Starting as a reporter on his hometown newspaper, he moved briefly to then Rhodesia before returning to South Africa to become a parliamentary correspondent with the South African Press Association. He was sent to London as Sapa’s London editor and also served as special correspondent to the United Nations. He joined the then Argus group in London as political correspondent.

Returning to South Africa after 12 years abroad, he was assistant editor on the Pretoria News for a decade before becoming editor of the Star and SA Times for five years.

Since 1999 he’s been an independent journalist writing and broadcasting – mainly about Africa – for Talk Radio 702 and 567 Cape
Talk, Radio France International, PressTV, Radio Live New Zealand, Business Day, Mail & Guardian, the BBC, Agence France Press,
Business in Africa, Leadership, India Today, the South African Institute for International Affairs and the Institute for Security Studies.

He has hosted current affairs talk shows on Talk Radio 702 and 567 Cape Talk.

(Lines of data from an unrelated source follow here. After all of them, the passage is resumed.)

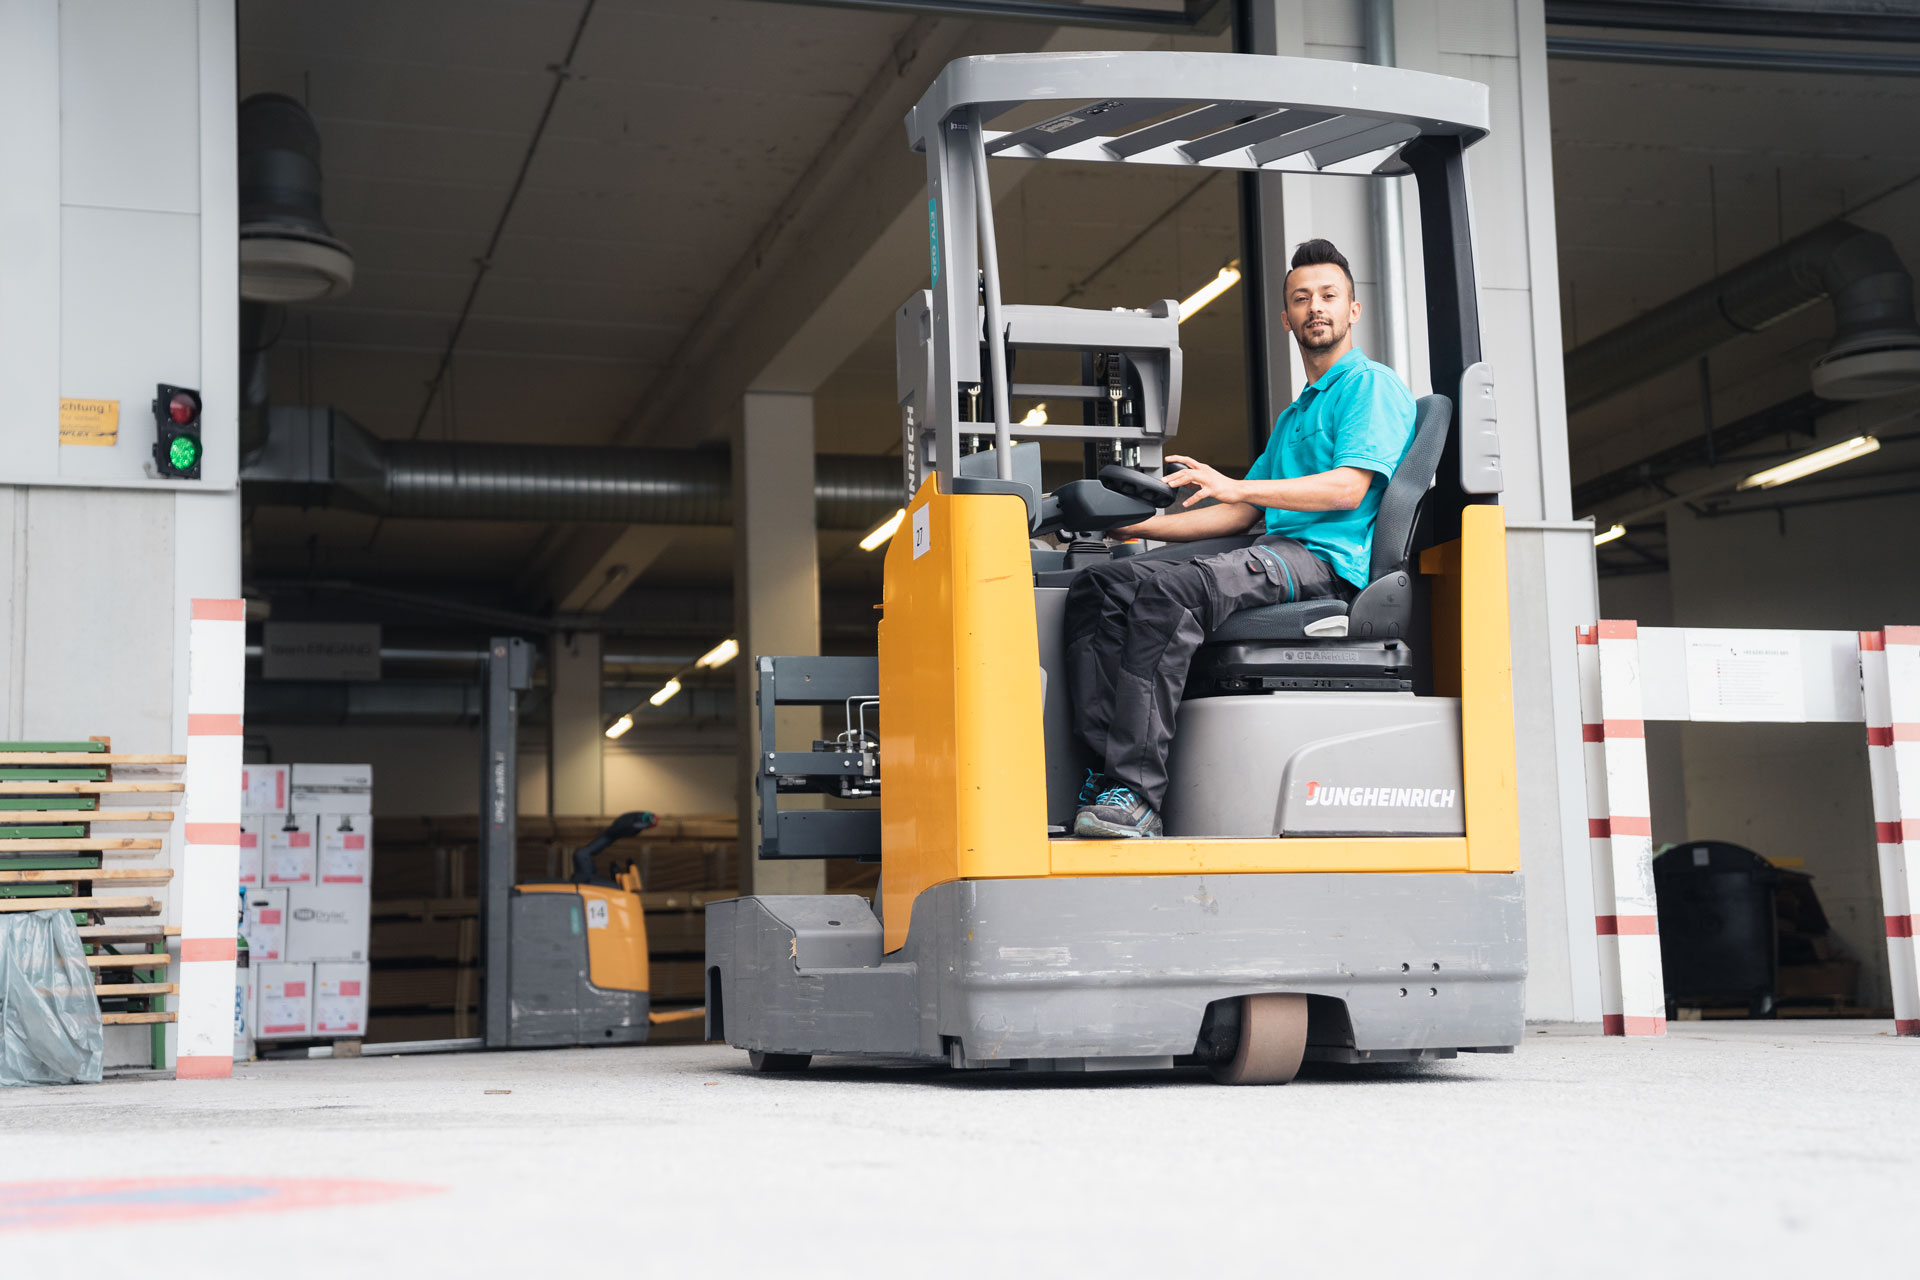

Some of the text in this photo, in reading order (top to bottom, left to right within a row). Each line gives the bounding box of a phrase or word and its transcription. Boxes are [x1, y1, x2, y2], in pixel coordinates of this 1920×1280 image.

[60, 402, 104, 414] chtung
[906, 405, 915, 502] INRICH
[916, 527, 923, 547] 27
[1296, 650, 1360, 662] GRAMMER
[1305, 781, 1456, 809] JUNGHEINRICH
[590, 906, 605, 920] 14

He appears as an African affairs pundit on SABC Africa and CNBC Africa.
He lectured in contemporary studies to journalism students at the Tshwane University of Technology and the University of Pretoria.

He speaks on African affairs to corporate and other audiences.
He has been officially invited as a journalist to more than 30 countries. He was the winner of the 2007 SADC award for radio journalism.

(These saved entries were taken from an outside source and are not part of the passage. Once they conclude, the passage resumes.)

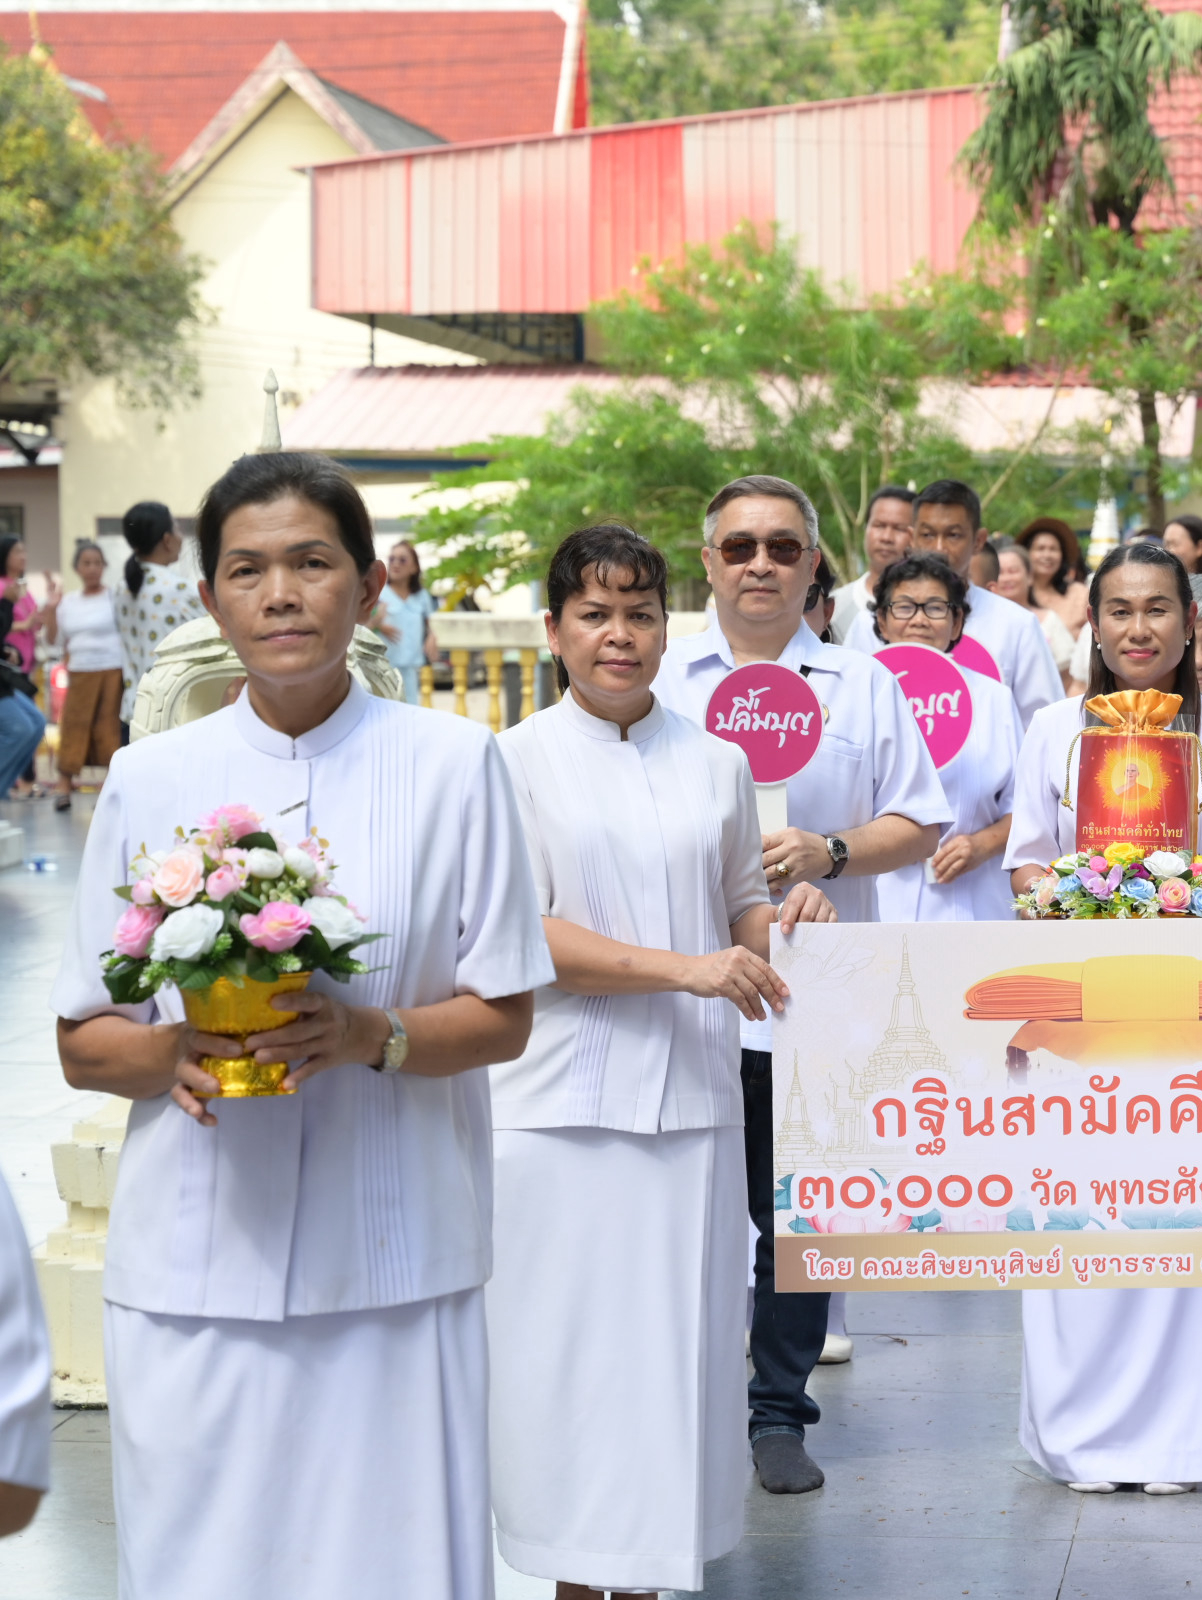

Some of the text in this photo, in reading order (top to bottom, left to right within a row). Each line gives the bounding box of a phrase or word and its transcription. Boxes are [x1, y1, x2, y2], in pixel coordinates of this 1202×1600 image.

[715, 686, 814, 748] ปลื้มบุญ
[1082, 821, 1183, 838] กฐินสามัคคีทั่วไทย
[798, 1174, 1013, 1217] ๓๐,๐๐๐
[1030, 1167, 1076, 1206] วัด
[805, 1252, 850, 1277] โดย
[863, 1247, 1061, 1283] คณะศิษยานุศิษย์
[1072, 1254, 1191, 1283] บูชาธรรม

He’s been a member of the EISA team observing elections in Somaliland, Democratic Republic of Congo, Madagascar, Zimbabwe, Egypt and Tunsiai.

In October 2009 he headed a group of 39 African journalists to the 60th anniversary celebrations of the Peoples’ Republic of China.

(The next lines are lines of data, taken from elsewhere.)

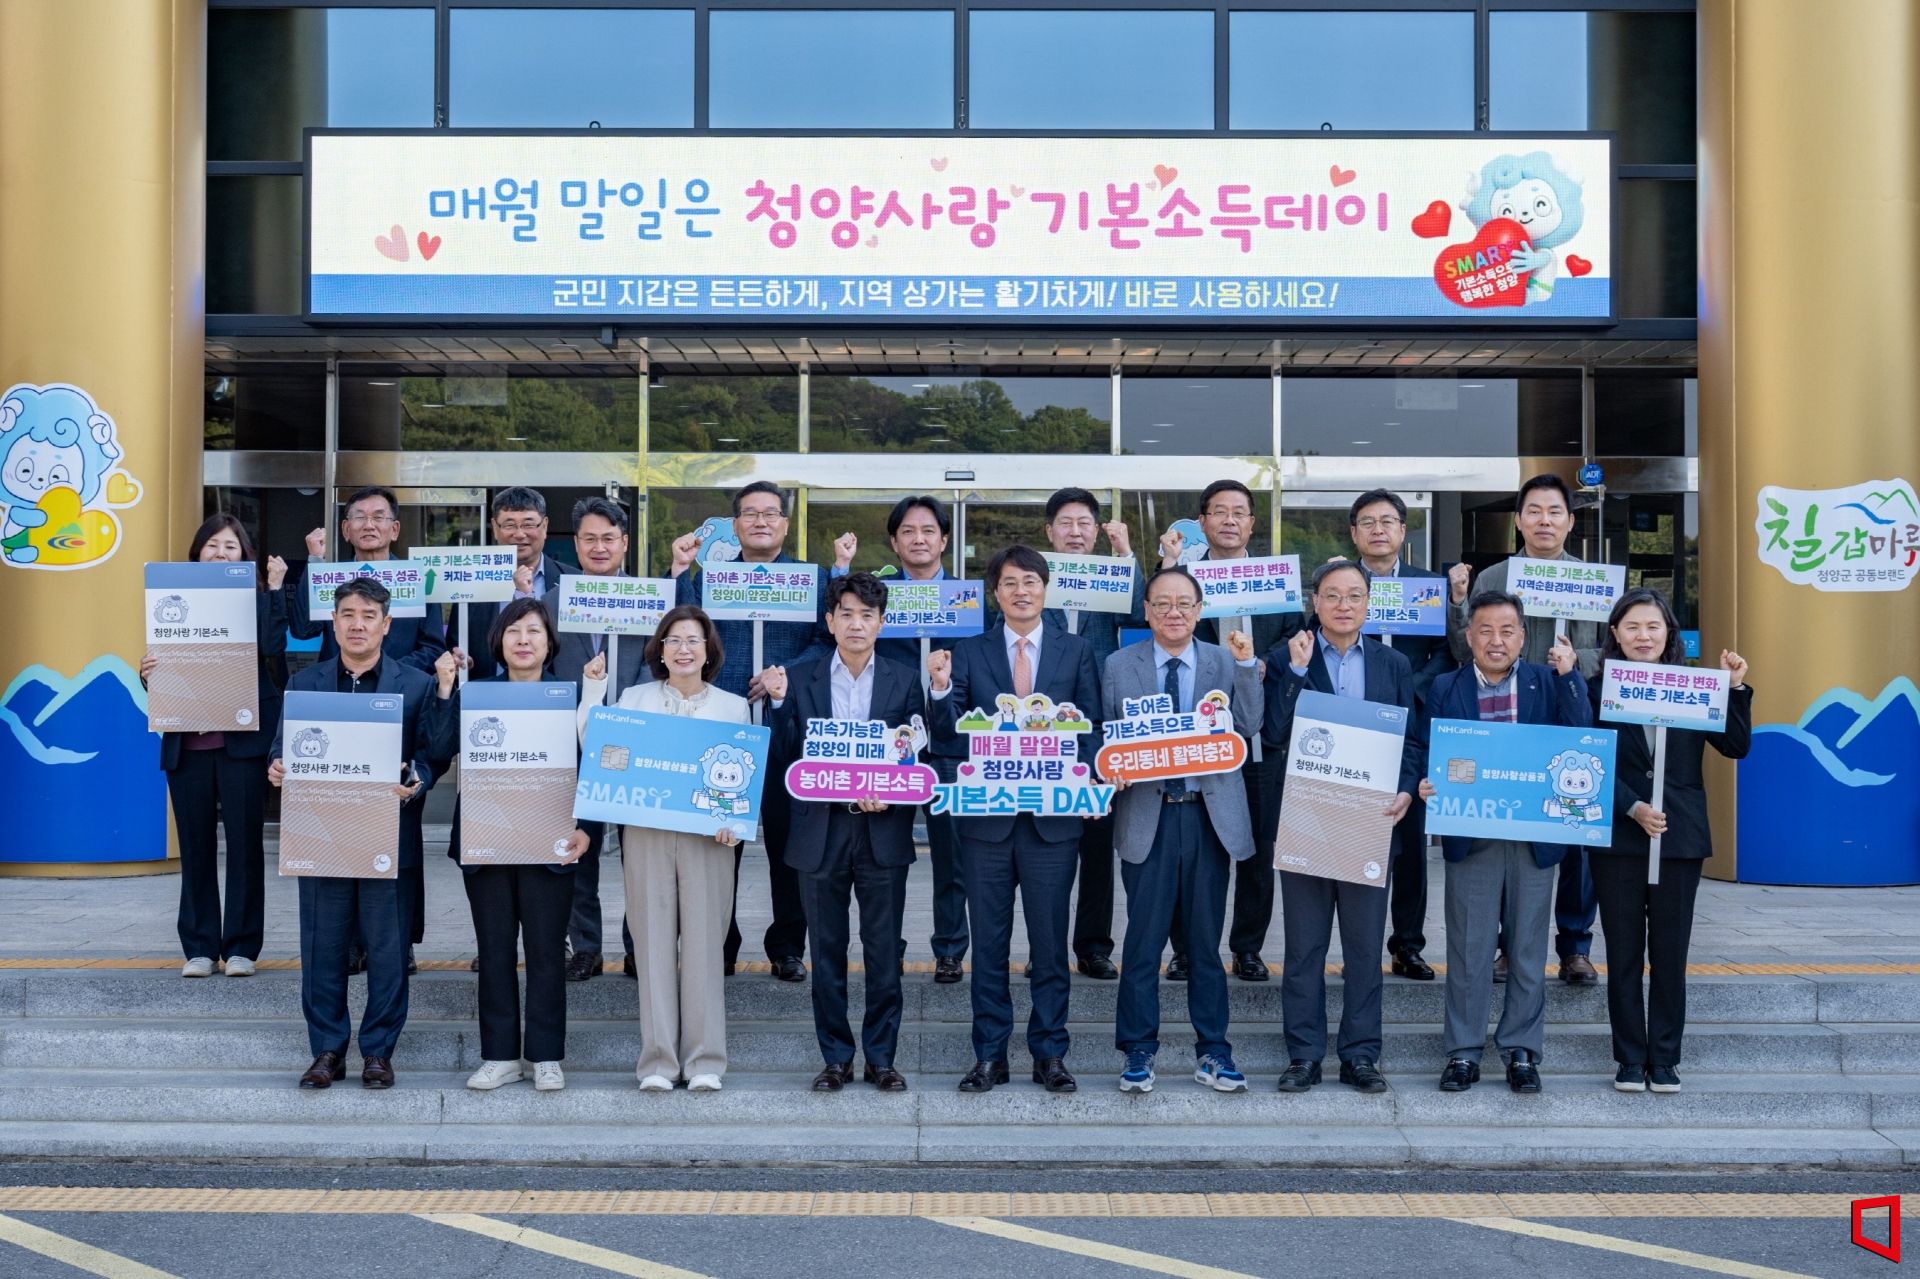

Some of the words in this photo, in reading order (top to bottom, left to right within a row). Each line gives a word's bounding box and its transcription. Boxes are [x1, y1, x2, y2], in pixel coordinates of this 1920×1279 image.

[429, 177, 539, 242] 매월
[560, 177, 721, 241] 말일은
[745, 179, 1010, 249] 청양사랑
[1030, 182, 1389, 254] 기본소득데이
[552, 279, 609, 308] 군민
[616, 279, 701, 308] 지갑은
[708, 279, 829, 311] 든든하게,
[838, 279, 893, 308] 지역
[902, 279, 985, 309] 상가는
[994, 279, 1116, 310] 활기차게!
[1125, 280, 1178, 309] 바로
[1189, 280, 1339, 310] 사용하세요!
[1460, 283, 1495, 303] 행복한
[1496, 273, 1519, 292] 청양
[1585, 470, 1600, 479] ADT
[493, 553, 514, 566] 함께
[312, 571, 346, 585] 농어촌
[396, 569, 421, 583] 성공,
[443, 570, 473, 582] 커지는
[474, 569, 513, 582] 지역상권
[1058, 561, 1108, 575] 기본소득과
[1110, 565, 1132, 577] 함께
[1193, 566, 1229, 581] 작지만
[1231, 564, 1265, 579] 든든한
[1267, 562, 1294, 577] 변화,
[1523, 563, 1558, 578] 농어촌
[1560, 566, 1609, 583] 기본소득,
[1817, 569, 1852, 583] 청양군
[1855, 569, 1906, 583] 공동브랜드
[705, 571, 740, 584] 농어촌
[741, 571, 786, 585] 기본소득
[788, 573, 814, 586] 성공,
[1057, 577, 1087, 590] 커지는
[1089, 579, 1130, 593] 지역상권
[1203, 581, 1239, 596] 농어촌
[1241, 577, 1287, 593] 기본소득
[574, 580, 612, 596] 농어촌
[612, 582, 660, 598] 기본소득,
[711, 588, 746, 602] 청양이
[747, 589, 808, 603] 앞장섭니다!
[908, 585, 939, 597] 지역도
[1371, 582, 1402, 594] 지역도
[1516, 579, 1583, 595] 지역순환경제의
[1585, 584, 1614, 598] 마중물
[568, 596, 635, 610] 지역순환경제의
[637, 597, 666, 611] 마중물
[911, 611, 957, 624] 기본소득
[1374, 608, 1419, 622] 기본소득
[153, 627, 190, 639] 청양사랑
[192, 627, 229, 638] 기본소득
[1610, 667, 1649, 685] 작지만
[1651, 672, 1690, 689] 든든한
[1692, 676, 1721, 692] 변화,
[1619, 685, 1657, 702] 농어촌
[1661, 688, 1711, 707] 기본소득
[1125, 696, 1171, 717] 농어촌
[808, 720, 885, 740] 지속가능한
[1105, 715, 1195, 740] 기본소득으로
[805, 741, 851, 759] 청양의
[855, 742, 885, 760] 미래
[971, 735, 1012, 757] 매월
[1019, 734, 1076, 757] 말일은
[469, 751, 508, 763] 청양사랑
[510, 751, 548, 762] 기본소득
[634, 757, 698, 774] 청양사랑상품권
[1108, 747, 1170, 774] 우리동네
[1172, 740, 1235, 767] 활력충전
[290, 762, 330, 775] 청양사랑
[331, 763, 371, 776] 기본소득
[982, 759, 1064, 781] 청양사랑
[1296, 759, 1333, 776] 청양사랑
[1334, 766, 1371, 782] 기본소득
[1482, 768, 1547, 783] 청양사랑상품권
[799, 768, 852, 791] 농어촌
[856, 771, 926, 794] 기본소득
[931, 785, 1044, 815] 기본소득
[1053, 787, 1111, 814] DAY

In January 2010 he joined a rescue and paramedical team to earthquake struck Haiti.

He is immediate past president of the Alliance Francaise of Pretoria.

Jean-Jacques is a director of Giant Media. The company was given access to Nelson Mandela in his retirement years until 2009.
He is co-producer of the hour-long documentary Mandela at 90 that was broadcast on BBC in January 2009.